Keren was going to be seeing spots for a month from the flashing cameras. She waded toward her car. Someone caught her arm and tried to drag her to a halt. She recognized a woman reporter for the crime beat of a local television station and saw a video camera right behind her. Keren pulled free, trying not to be rough enough to provide good footage.

“Is the killer someone who wants revenge on both of you?”

Paul reached the front passenger-side door. O’Shea provided an escort for Keren around to the driver’s side.

“Is it true you and the pastor worked together when you were both on the force?”

“The Chicago Police Department gives a daily briefing at headquarters, as you all know,” O’Shea announced over the din. “All your questions will be answered then.”

“Even the question of whether Detective Collins and Pastor Morris are having an affair?”

Keren jerked to a stop and turned to see who had asked that. She saw a man smirking at her from one of the sleazier local tabloids. She glared at him, and it was like pouring blood in shark-infested waters. The snapping cameras went crazy.

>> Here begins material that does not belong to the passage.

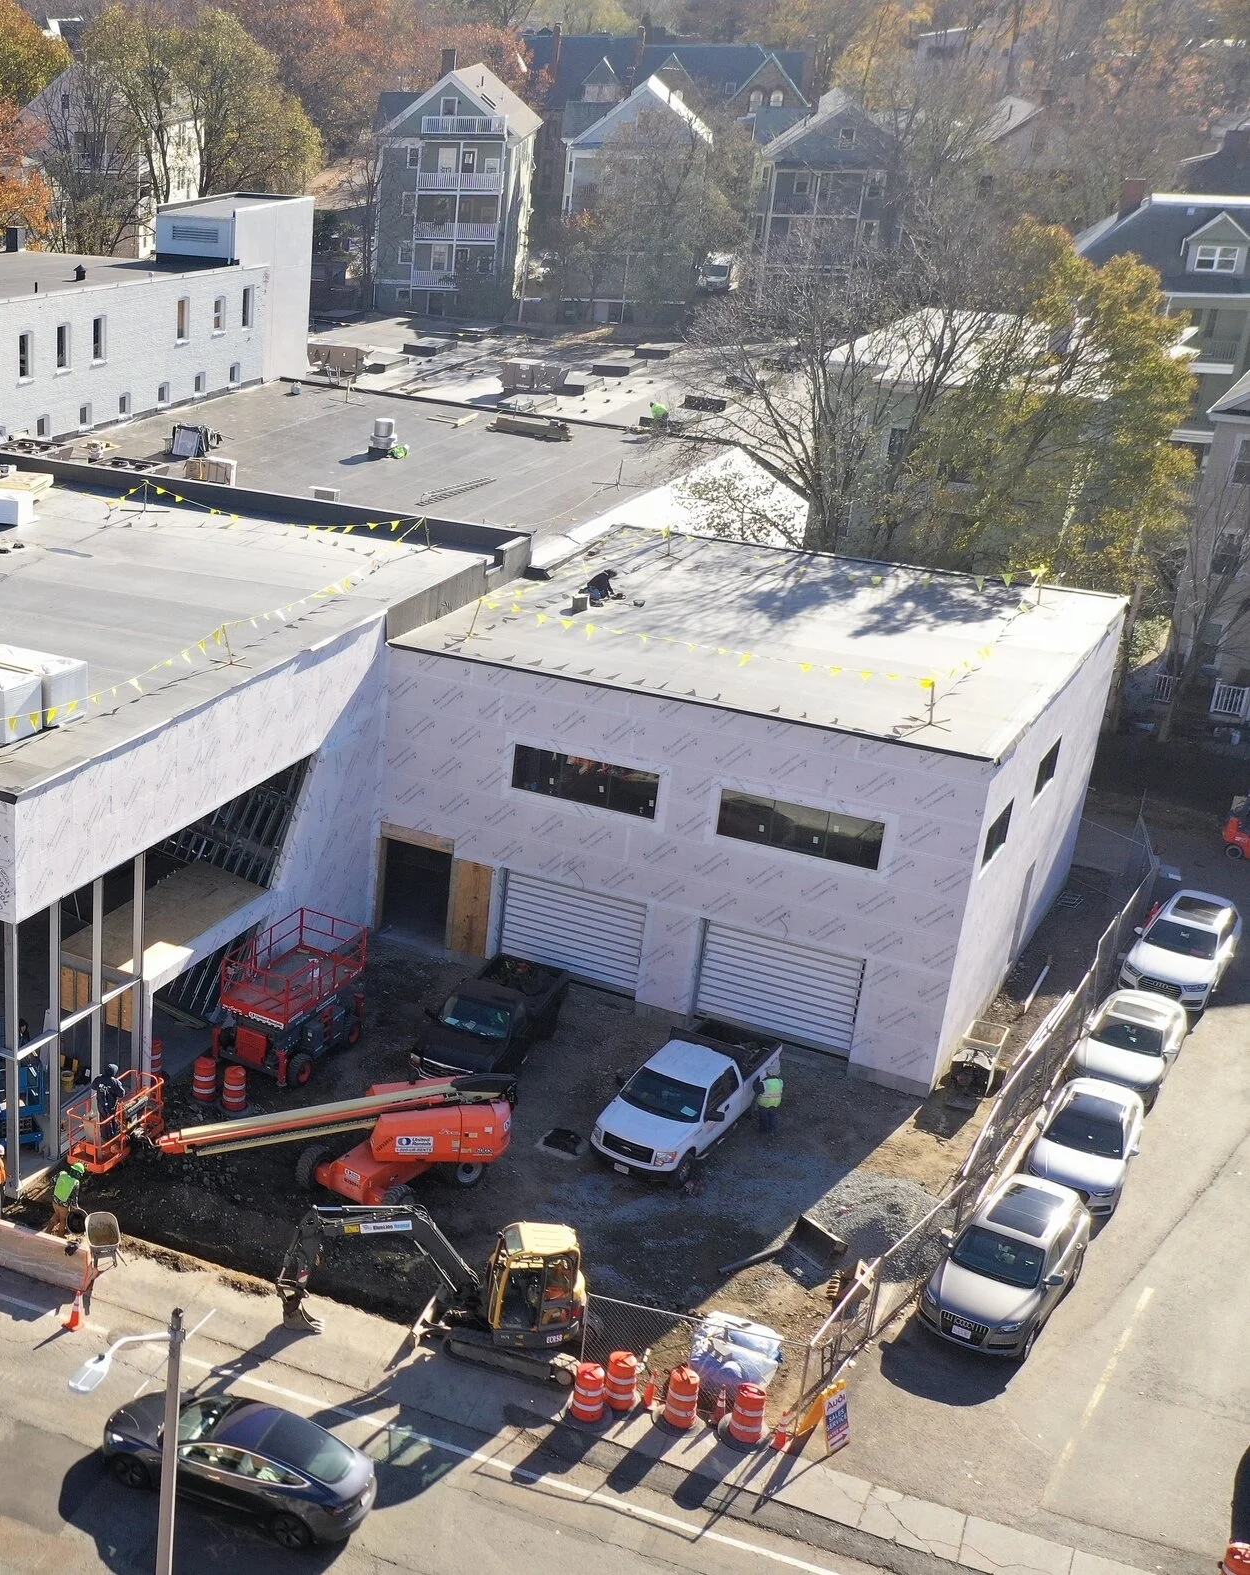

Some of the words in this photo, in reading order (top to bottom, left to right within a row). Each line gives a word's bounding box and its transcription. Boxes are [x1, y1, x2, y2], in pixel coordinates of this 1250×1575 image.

[827, 1394, 846, 1411] Audi
[827, 1413, 847, 1431] SERVICE
[829, 1408, 844, 1421] SALES

“C’mon, Detective Collins, admit it.” The man tipped back his hat and sneered. “That’s why the killer is focusing on the two of you. The pastor is kicking up his heels with a lady cop, and this nut is offended.”

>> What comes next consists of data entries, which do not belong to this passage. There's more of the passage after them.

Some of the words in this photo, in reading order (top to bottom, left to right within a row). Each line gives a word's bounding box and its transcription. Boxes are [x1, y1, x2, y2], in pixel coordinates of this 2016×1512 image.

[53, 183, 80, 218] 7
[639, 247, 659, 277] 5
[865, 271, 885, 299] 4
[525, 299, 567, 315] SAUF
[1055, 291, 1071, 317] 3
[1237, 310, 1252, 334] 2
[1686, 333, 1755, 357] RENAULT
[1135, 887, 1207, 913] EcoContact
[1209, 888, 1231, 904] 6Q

Paul had already gotten in the car. Keren prayed desperately that he hadn’t heard the insinuations. She tamped down hard on her temper and began moving again. O’Shea helped wrestle her door open. She slid in and slammed her door shut, hoping she’d catch a few fingers in it.

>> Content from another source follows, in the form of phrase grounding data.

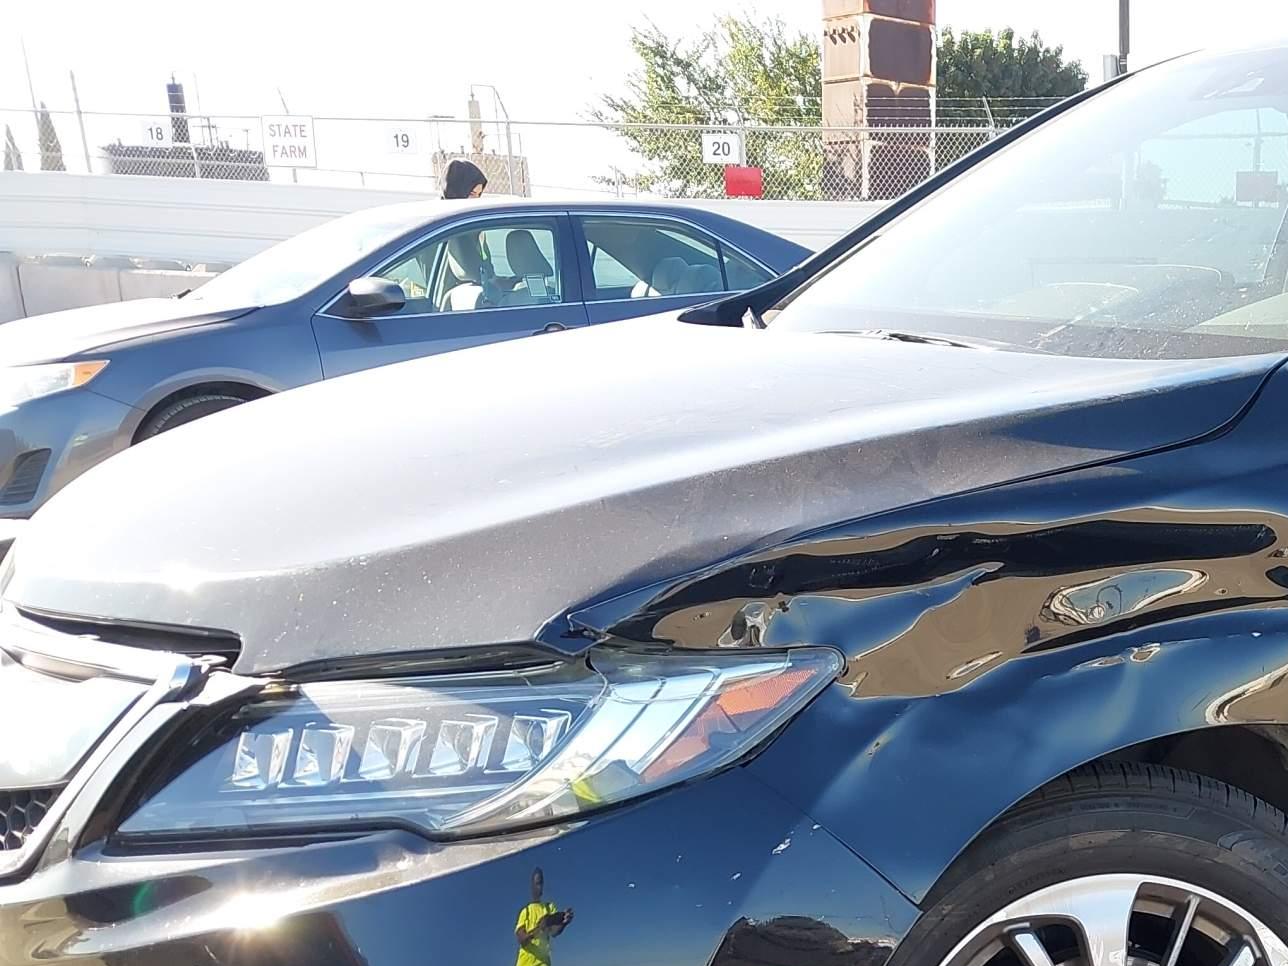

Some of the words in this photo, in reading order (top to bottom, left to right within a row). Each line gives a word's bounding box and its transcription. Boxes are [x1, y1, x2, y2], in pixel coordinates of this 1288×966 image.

[147, 126, 164, 141] 18
[268, 124, 308, 139] STATE
[393, 133, 410, 148] 19
[271, 144, 308, 160] FARM
[711, 141, 731, 157] 20

She glanced at Paul. His eyes flashed fire and his jaw was tensed into a firm line.

O’Shea climbed in the back. “Guess the press finally put all these cases together. Took ‘em long enough.”

Keren took another look at Paul. “I’m sorry. I don’t know where they got an idea like that.”

“They’re going to print that.” Paul reached for the door handle. Keren grabbed his shoulder and sank her fingernails into his sweatshirt hard enough that he turned on her.

He jerked against her grip.

“Get ahold of yourself, Paul.” Keren saw the photographers leaning against the windows, recording everything.

Fuming, Paul asked, “Do you know how many kids I’ve counseled about abstinence? Do you know the battle I fight every day against the single-mother culture that guarantees a life of poverty to so many women and children in my neighborhood? If they print something like that, it will undo years of work in a single day.”

He caught Keren’s hand to pull it loose.

“Don’t you dare open that door.” Keren let go of him and started the car. “If you go out there, I promise you I’ll leave you to those wolves.”

She backed out of the parking stall.

Paul didn’t get out.

Keren could see that it cost him.

He stared at his white-knuckled hands. “I don’t know who I am anymore. I’m so angry at Caldwell and so angry at these reporters. I haven’t had time to pray or read my Bible, and all of a sudden it’s like I’m losing my faith. Am I so weak that if I’m deprived of quiet time for prayer and daily exposure to God’s Word that I just forget what I believe?”

Keren heard a satisfying thunk as she backed into a particularly foolish reporter, who thought she’d stop rather than run a man down.

Paul turned around. “Keren, you hit him!”

Keren glanced at Paul and smiled. “I’ve got too much respect for a man’s innate sense of self-preservation to stop.”

“It won’t hurt to thin the herd a little anyway,” O’Shea said. “Survival of the fittest. Darwin would be proud.”

Keren looked at Paul. There was a war inside him. She needed the cop, but she liked the pastor. She had been meaning to talk to him about it, but now wasn’t a good time. Despite herself, she asked, “Why do you think getting angry has anything to do with being a Christian?”